Search code examples
scikit-learnrandom-forestsklearn-pandas

sklearn random forest plot interpretation


can you please help me to understand the plot below. what is Gini? what the meaning that the values of the Glucose are [66,72]? what the diffrent betweeen the colors (blue,white,pink)?

data based on diabetes.csv (google it)

    from matplotlib import pyplot as plt
    import pandas as pd
    from sklearn.model_selection import train_test_split
    from sklearn.ensemble import RandomForestClassifier
    
    diab_cols = ['Pregnancies', 'Insulin', 'BMI', 'Age','Glucose','BloodPressure','DiabetesPedigreeFunction'] 
    X = df[diab_cols]# Features 
    y = df.Outcome # Target variable 
    
    
    X_train, X_test, y_train, y_test = train_test_split(X, y, 
        test_size=0.25, 
        random_state=0)
    
    model = RandomForestClassifier(n_estimators=100,max_depth=5).fit(X_train,y_train)  
    plt.figure(figsize=(20,20))
    _ = tree.plot_tree(model.estimators_[0], feature_names=X.columns, filled=True)

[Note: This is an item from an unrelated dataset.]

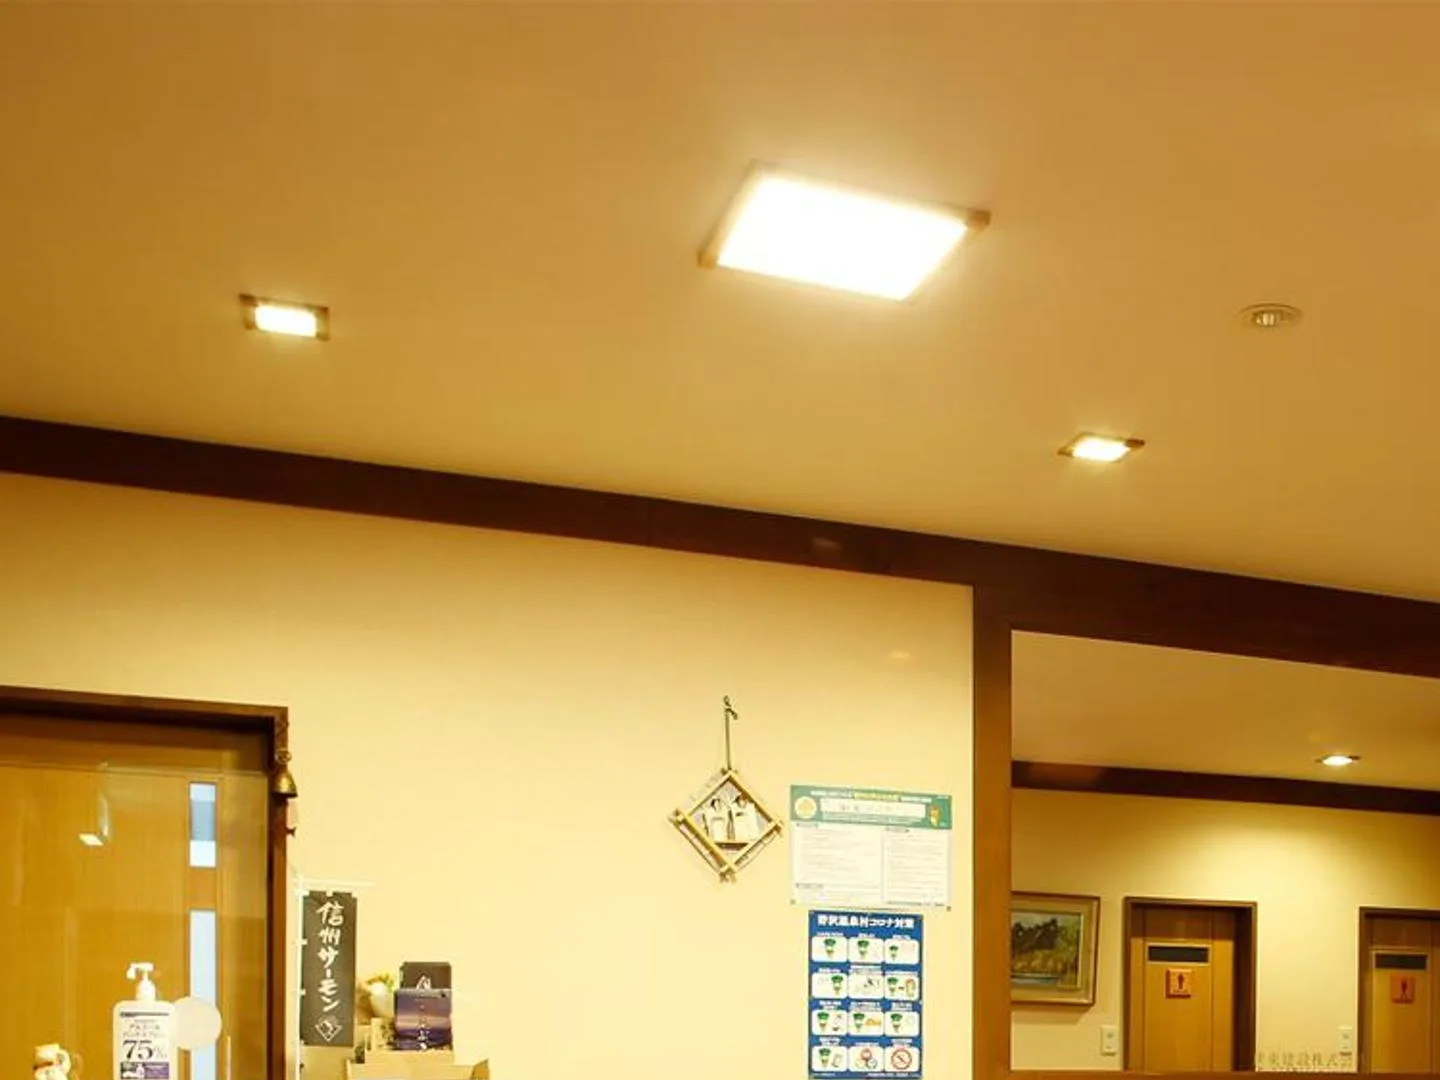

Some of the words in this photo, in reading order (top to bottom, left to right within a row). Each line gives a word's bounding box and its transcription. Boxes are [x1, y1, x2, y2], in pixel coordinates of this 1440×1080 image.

[316, 901, 345, 1012] 信州サーモン
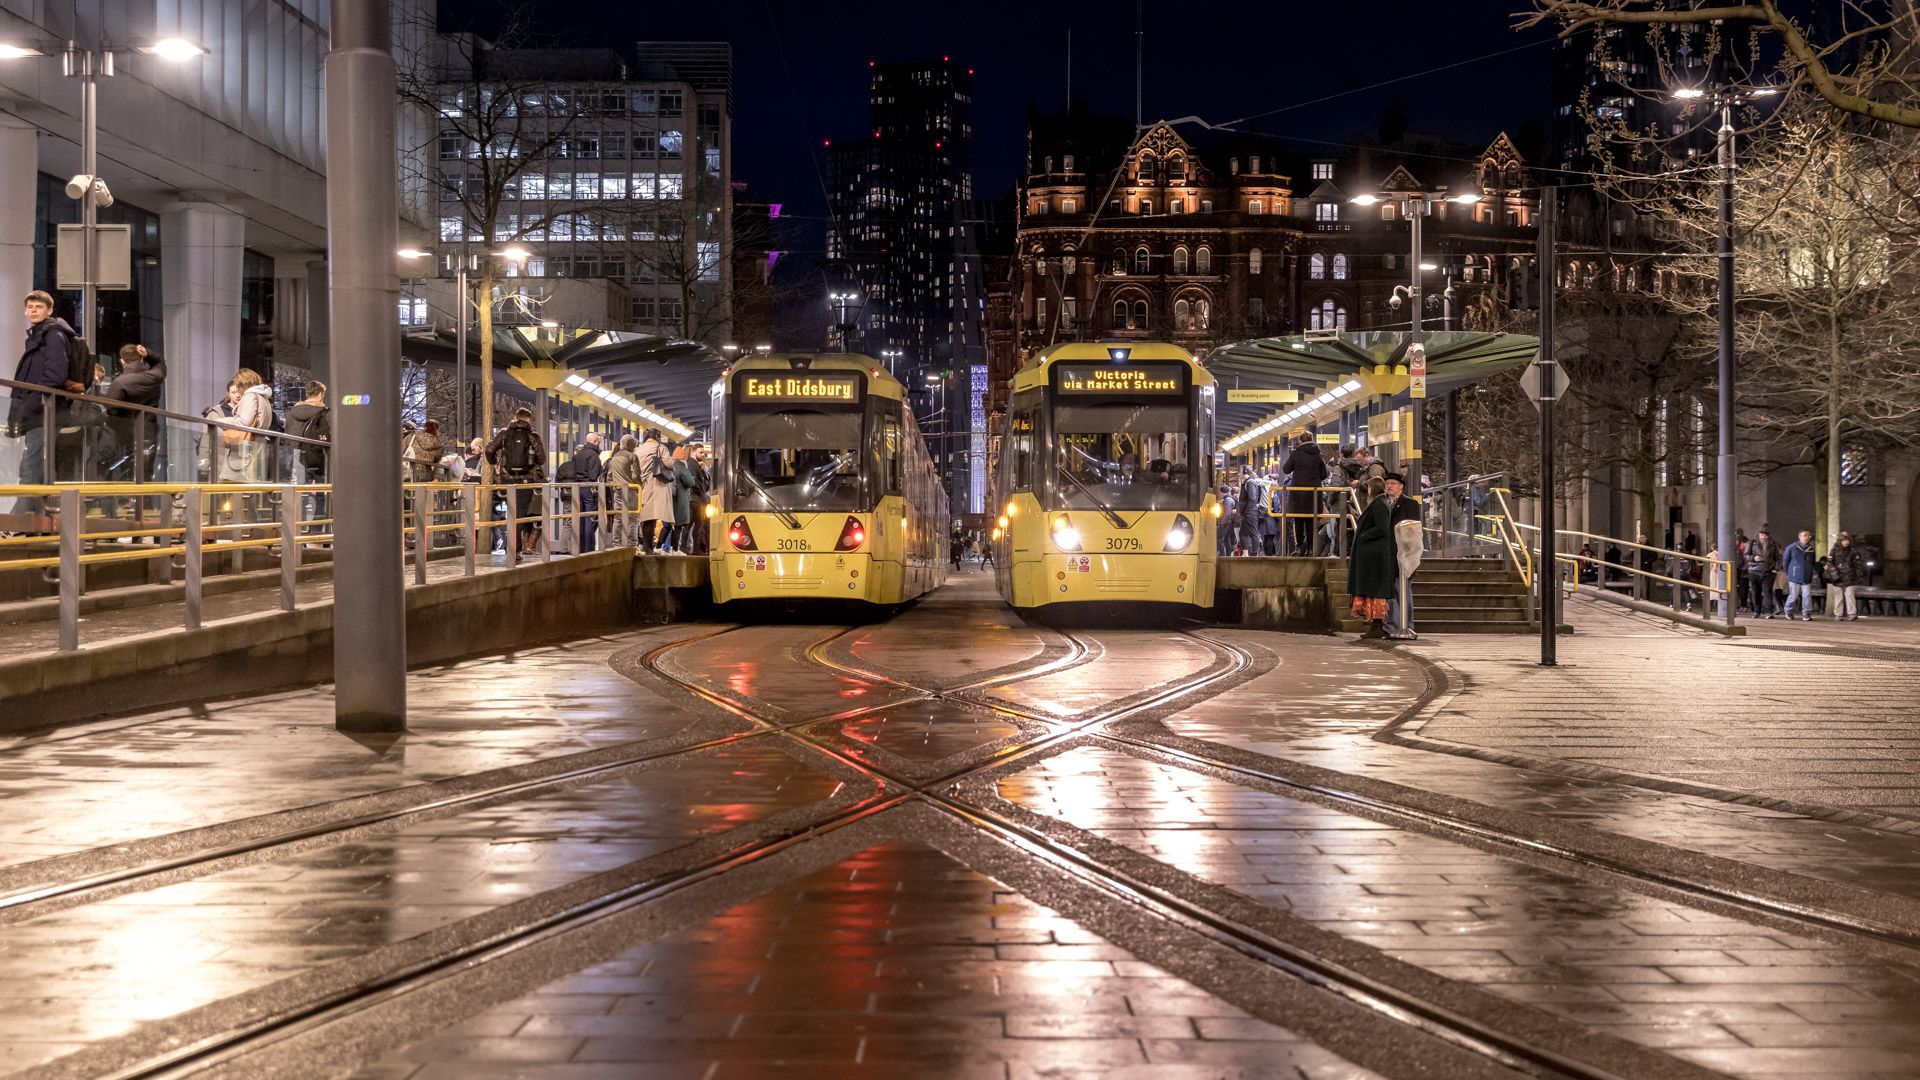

enter image description here


Solution

  • From this example:

    For each pair of features, the decision tree learns decision boundaries made of combinations of simple thresholding rules inferred from the training samples.

    See also this example.


    edit:

    • The Gini index (or impurity) is a value computed by the decision tree. It is derived by subtracting the total of the squared probabilities of each class from one and multiplying the result by 100. It corresponds to the likelihood that the target would be categorized wrongly when a random sample is chosen. The smaller is the value, the more confident is the prediction.

    • The values are the number of samples of each class in the training dataset.

    • The color encodes what the predicted class at each node is.